Beach House singles chronology
| "Lazuli" (2012) | "Sparks" (2015) | "Chariot" (2017) |

Visualizer
- "Sparks" on YouTube

= Sparks (Beach House song) =

"Sparks" is a song by American dream pop band Beach House. It was released on July 1, 2015, through Sub Pop, as the lead single from their fifth studio album Depression Cherry (2015).
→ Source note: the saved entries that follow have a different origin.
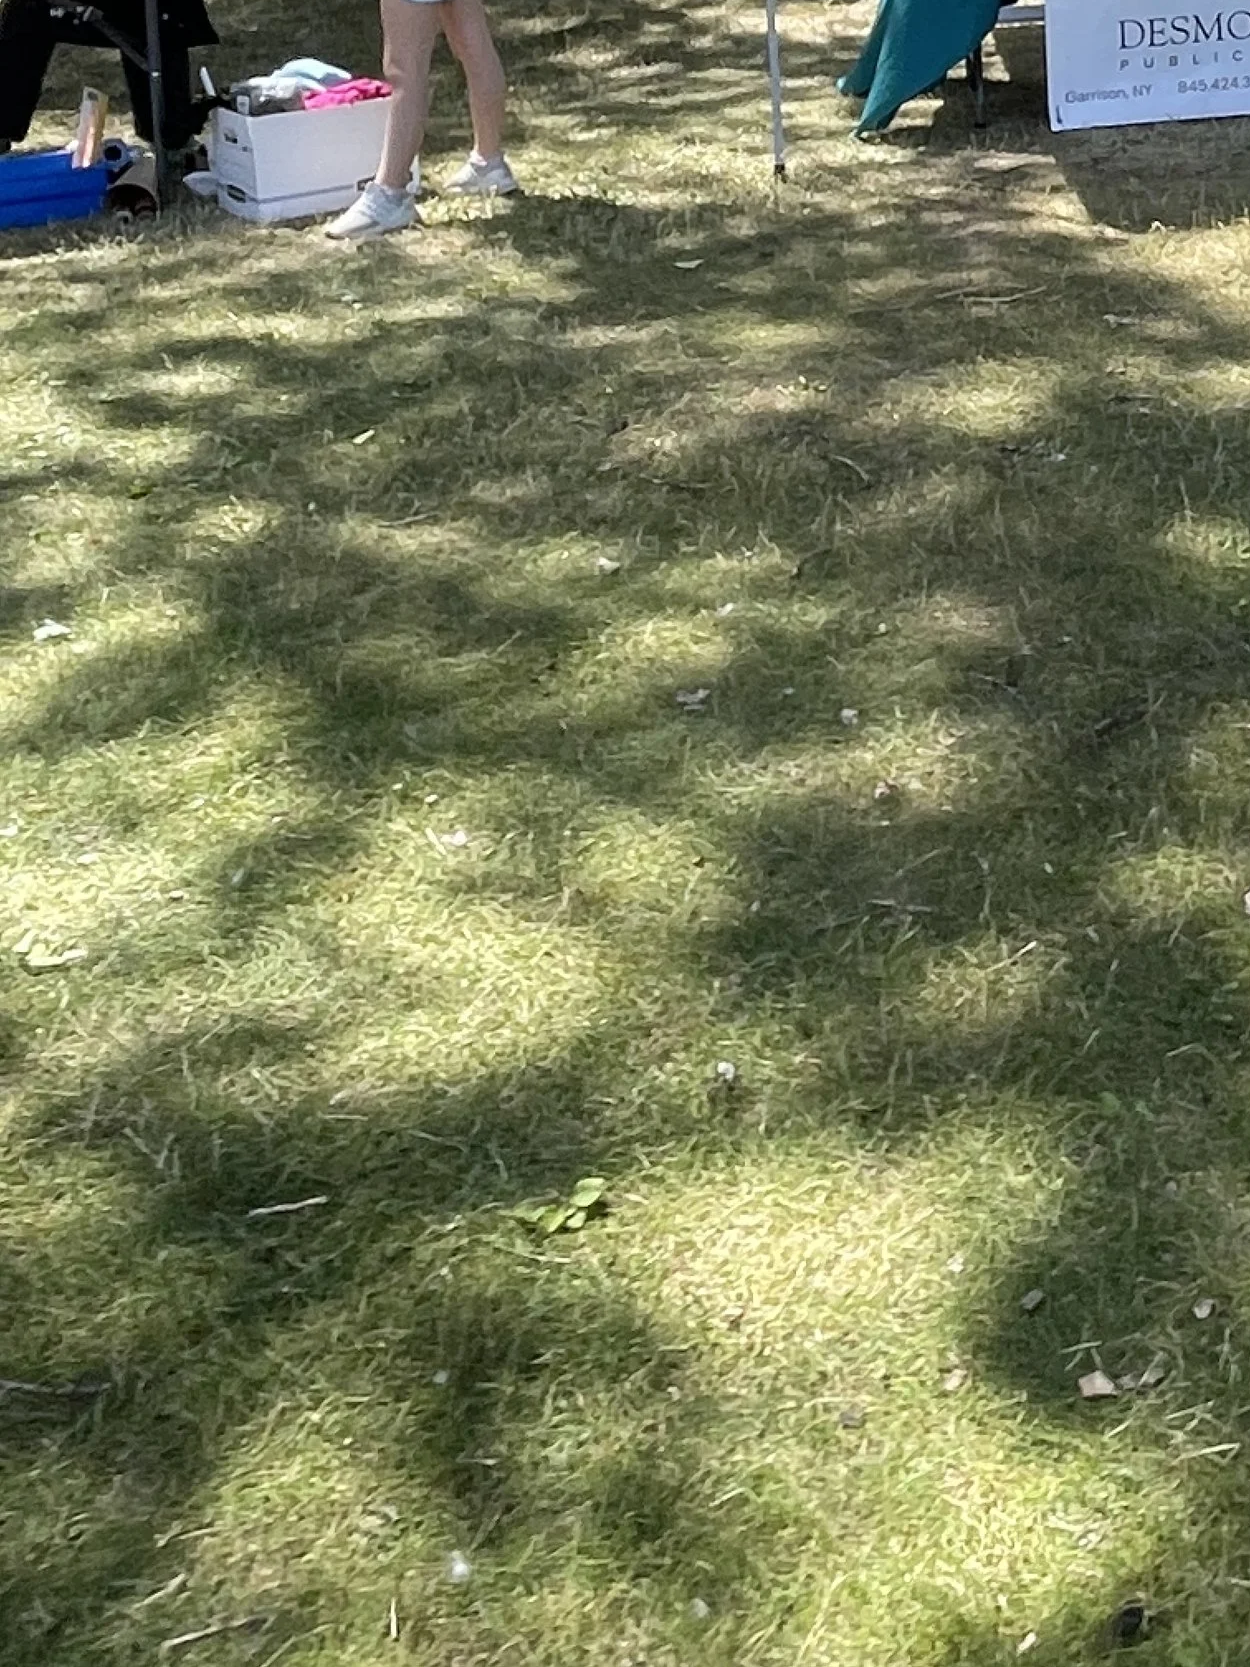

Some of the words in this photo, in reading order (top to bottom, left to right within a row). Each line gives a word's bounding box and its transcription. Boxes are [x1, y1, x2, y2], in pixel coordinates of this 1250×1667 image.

[1120, 50, 1243, 70] PUBLIC
[1065, 87, 1129, 103] Garrison,
[1133, 84, 1152, 98] NY
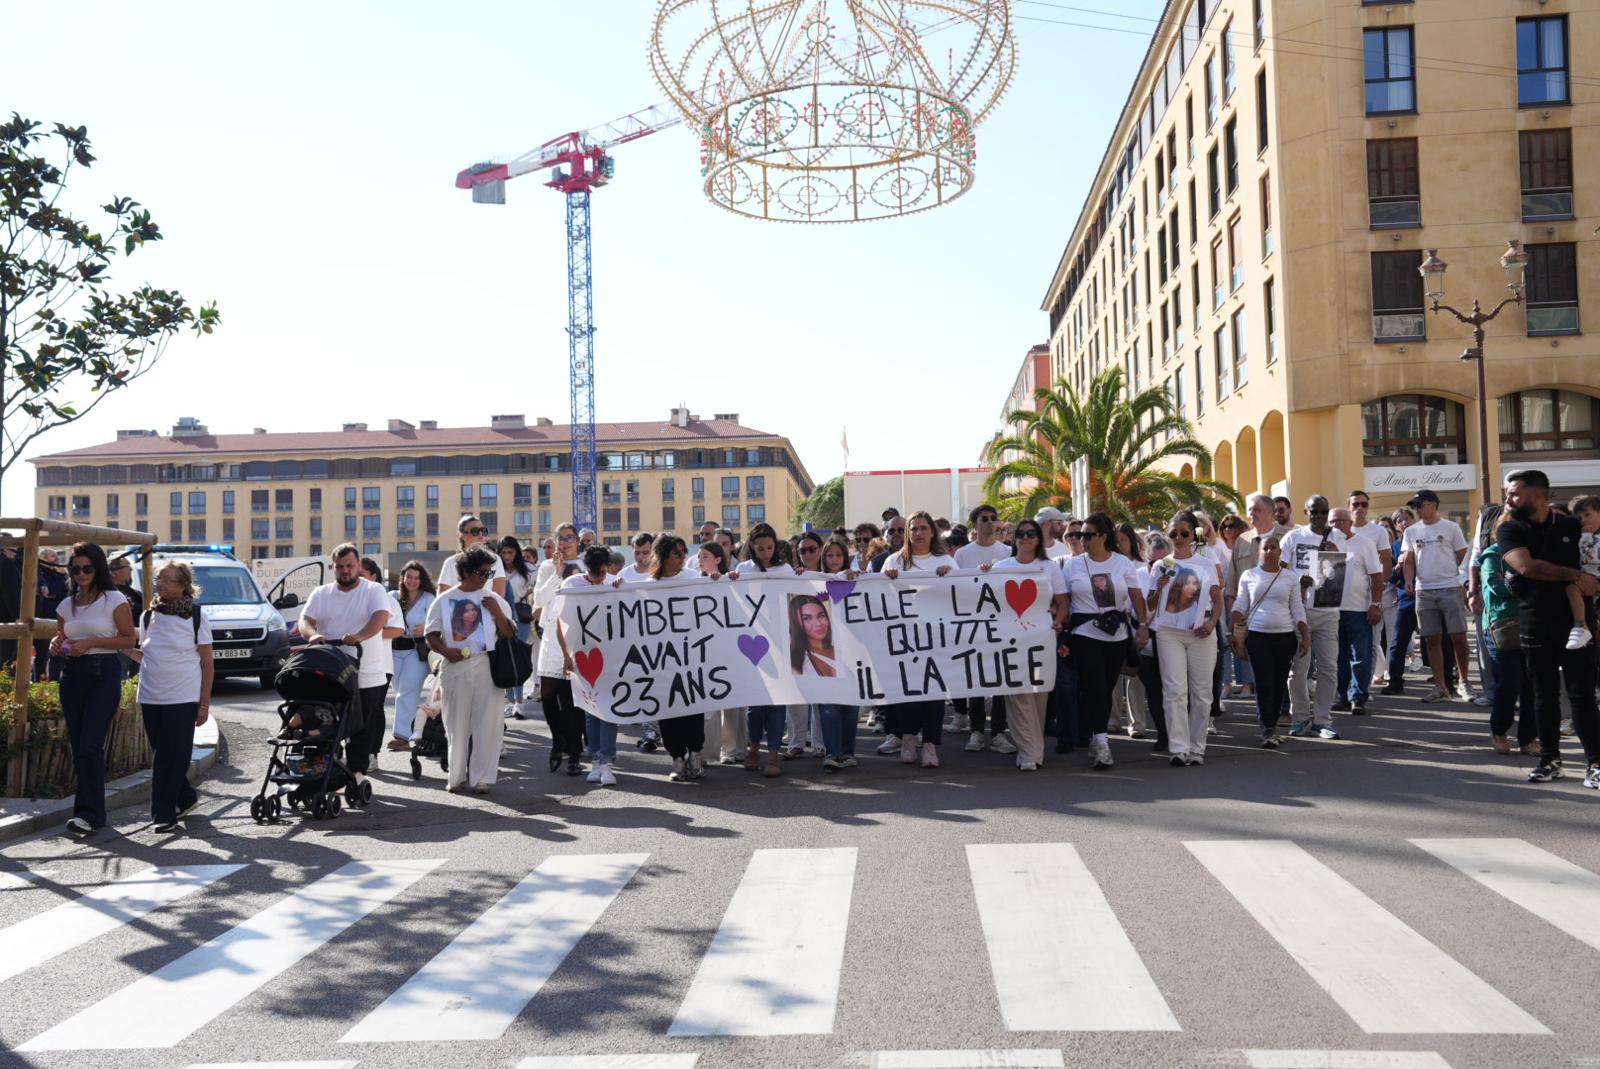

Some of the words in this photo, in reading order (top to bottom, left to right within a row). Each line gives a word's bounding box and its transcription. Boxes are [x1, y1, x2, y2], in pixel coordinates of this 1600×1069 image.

[1373, 472, 1417, 487] Maison
[1421, 471, 1465, 485] Blanche
[576, 594, 766, 646] KiMBERLY
[844, 589, 919, 624] ELLE
[610, 677, 660, 718] 23
[667, 666, 732, 708] ANS
[898, 656, 948, 697] L'A
[951, 638, 1045, 689] TUÉE
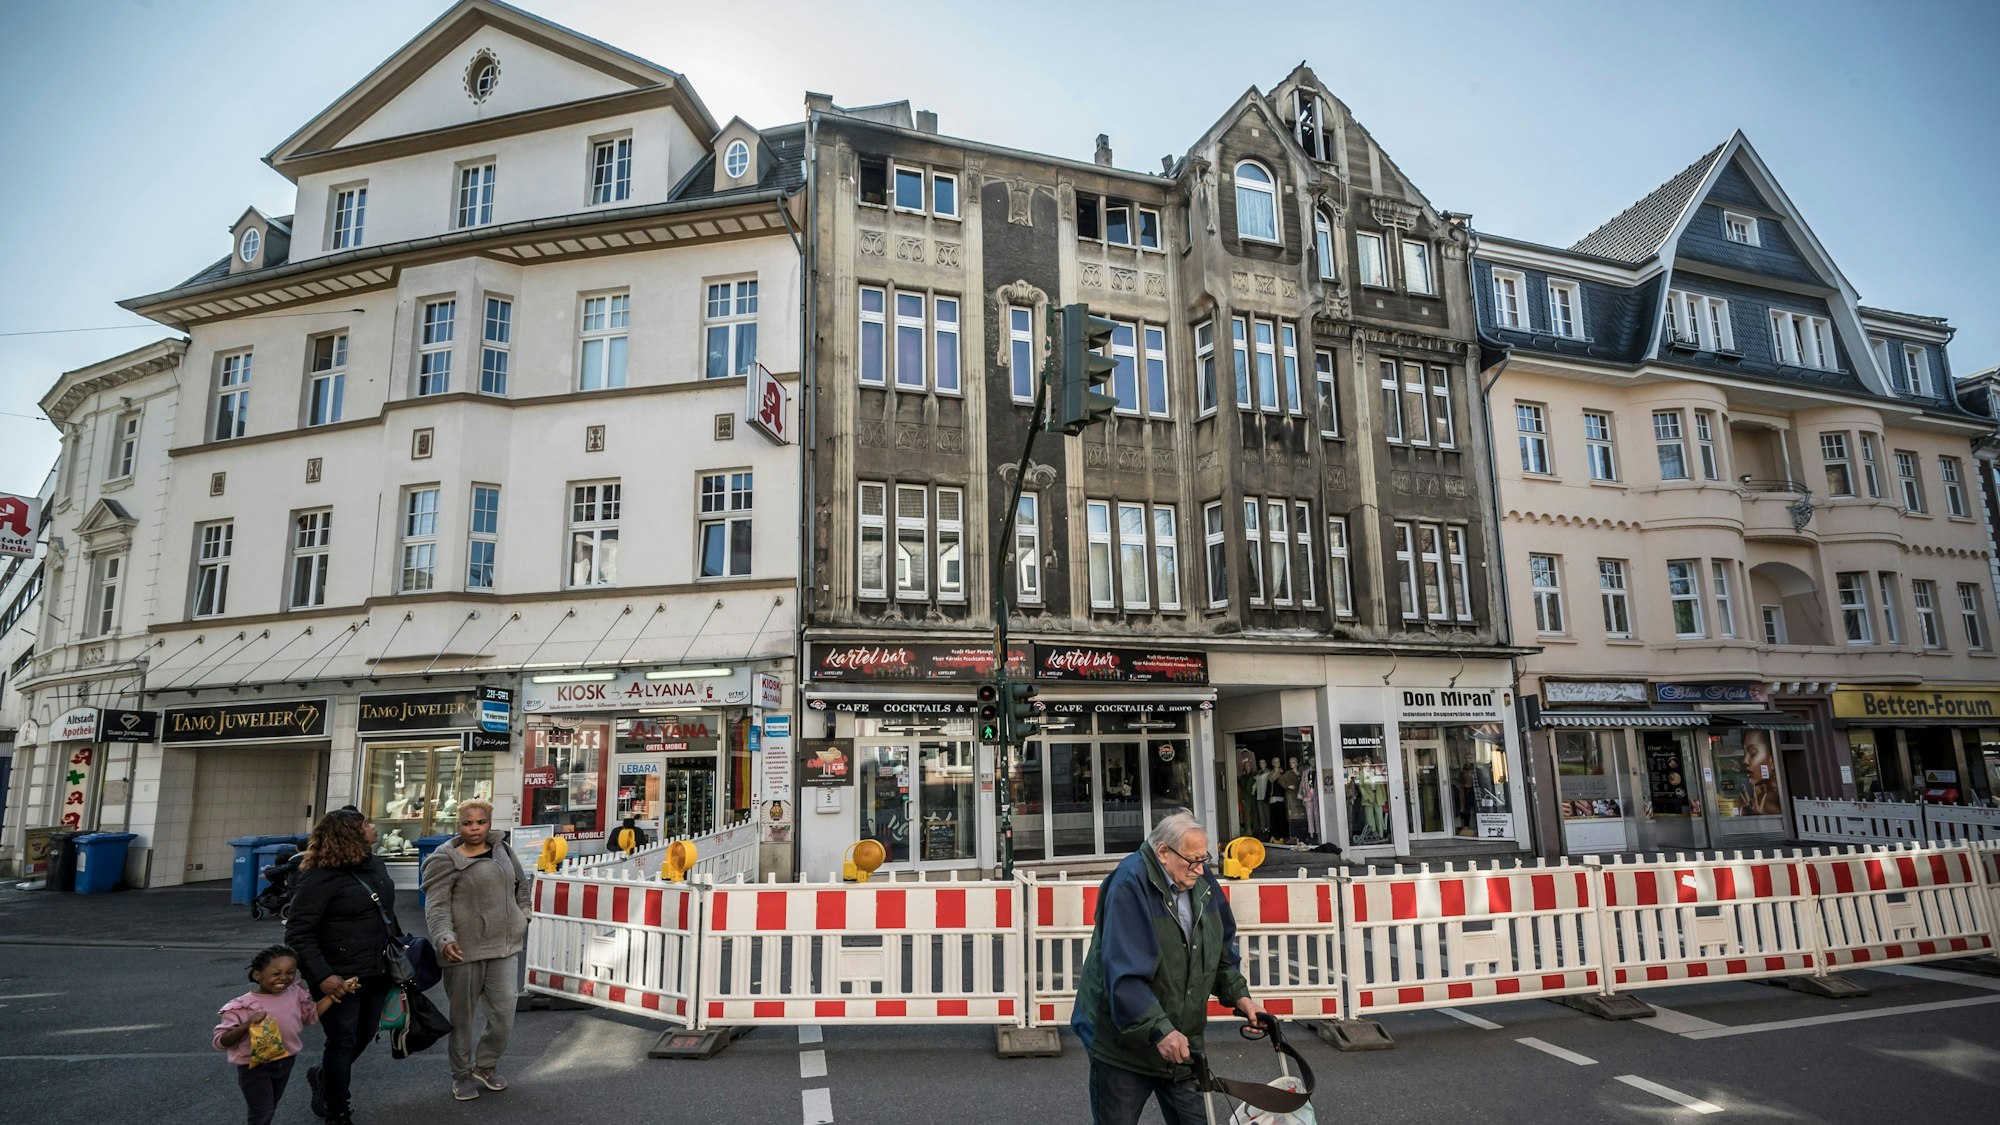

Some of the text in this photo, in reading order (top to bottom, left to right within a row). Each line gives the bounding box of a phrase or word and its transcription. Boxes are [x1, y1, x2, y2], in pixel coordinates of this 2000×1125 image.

[0, 543, 32, 553] heke
[1, 537, 28, 546] tadt
[826, 646, 909, 670] kartel bar
[1048, 648, 1115, 671] kartel bar
[558, 682, 696, 701] KIOSK ALYANA
[1403, 691, 1492, 706] Don Miran
[1660, 685, 1747, 700] Blue Nails
[836, 704, 870, 712] CAFE
[884, 704, 951, 713] COCKTAILS
[956, 704, 965, 712] &
[1095, 704, 1154, 712] COCKTAILS
[1157, 704, 1166, 712] &
[1862, 692, 1993, 716] Betten-Forum
[66, 713, 94, 724] Altstadt
[361, 702, 466, 722] TAMO JUWELIER
[172, 710, 296, 736] TAMO JUWELIER
[626, 720, 709, 742] ALYANA
[621, 764, 658, 774] LEBARA
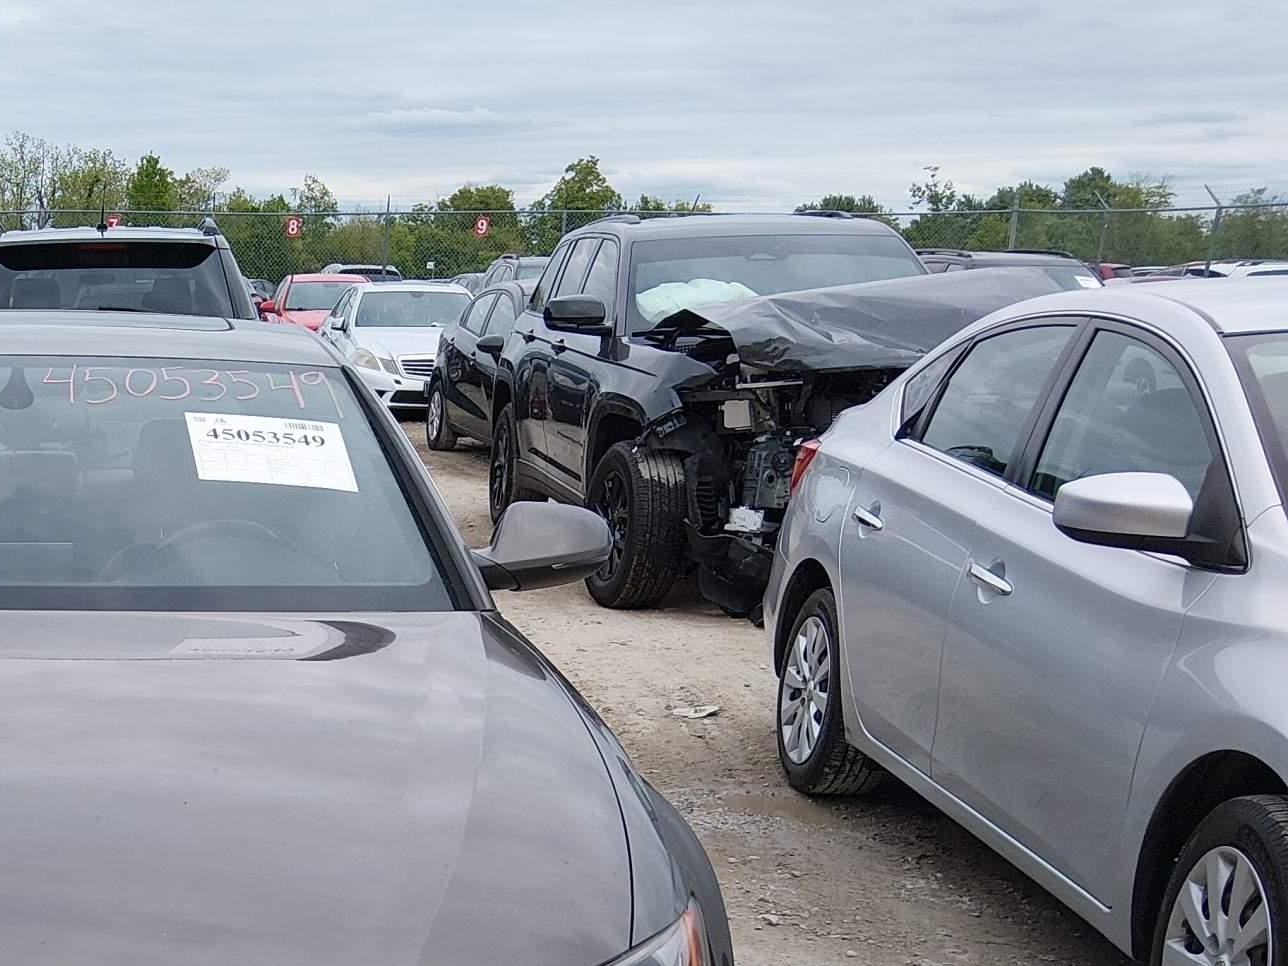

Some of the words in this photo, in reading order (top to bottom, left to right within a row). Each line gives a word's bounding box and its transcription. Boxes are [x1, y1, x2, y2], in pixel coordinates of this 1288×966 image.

A visualizer for the song was uploaded on the band's YouTube channel on the same day.

== Background ==
In May 2015, Beach House announced their fifth studio album Depression Cherry (2015), along with its accompanying tour dates; "Sparks" appeared as the second track. On June 26, 2015, Beach House announced on Twitter that they would play "Sparks" on SiriusXMU on July 1, adding that it would be the lead single from the album. It was chosen as a single by the duo not because they thought that it would be a hit, but because of "the ability for the song to connect between their previous songs and Depression Cherry."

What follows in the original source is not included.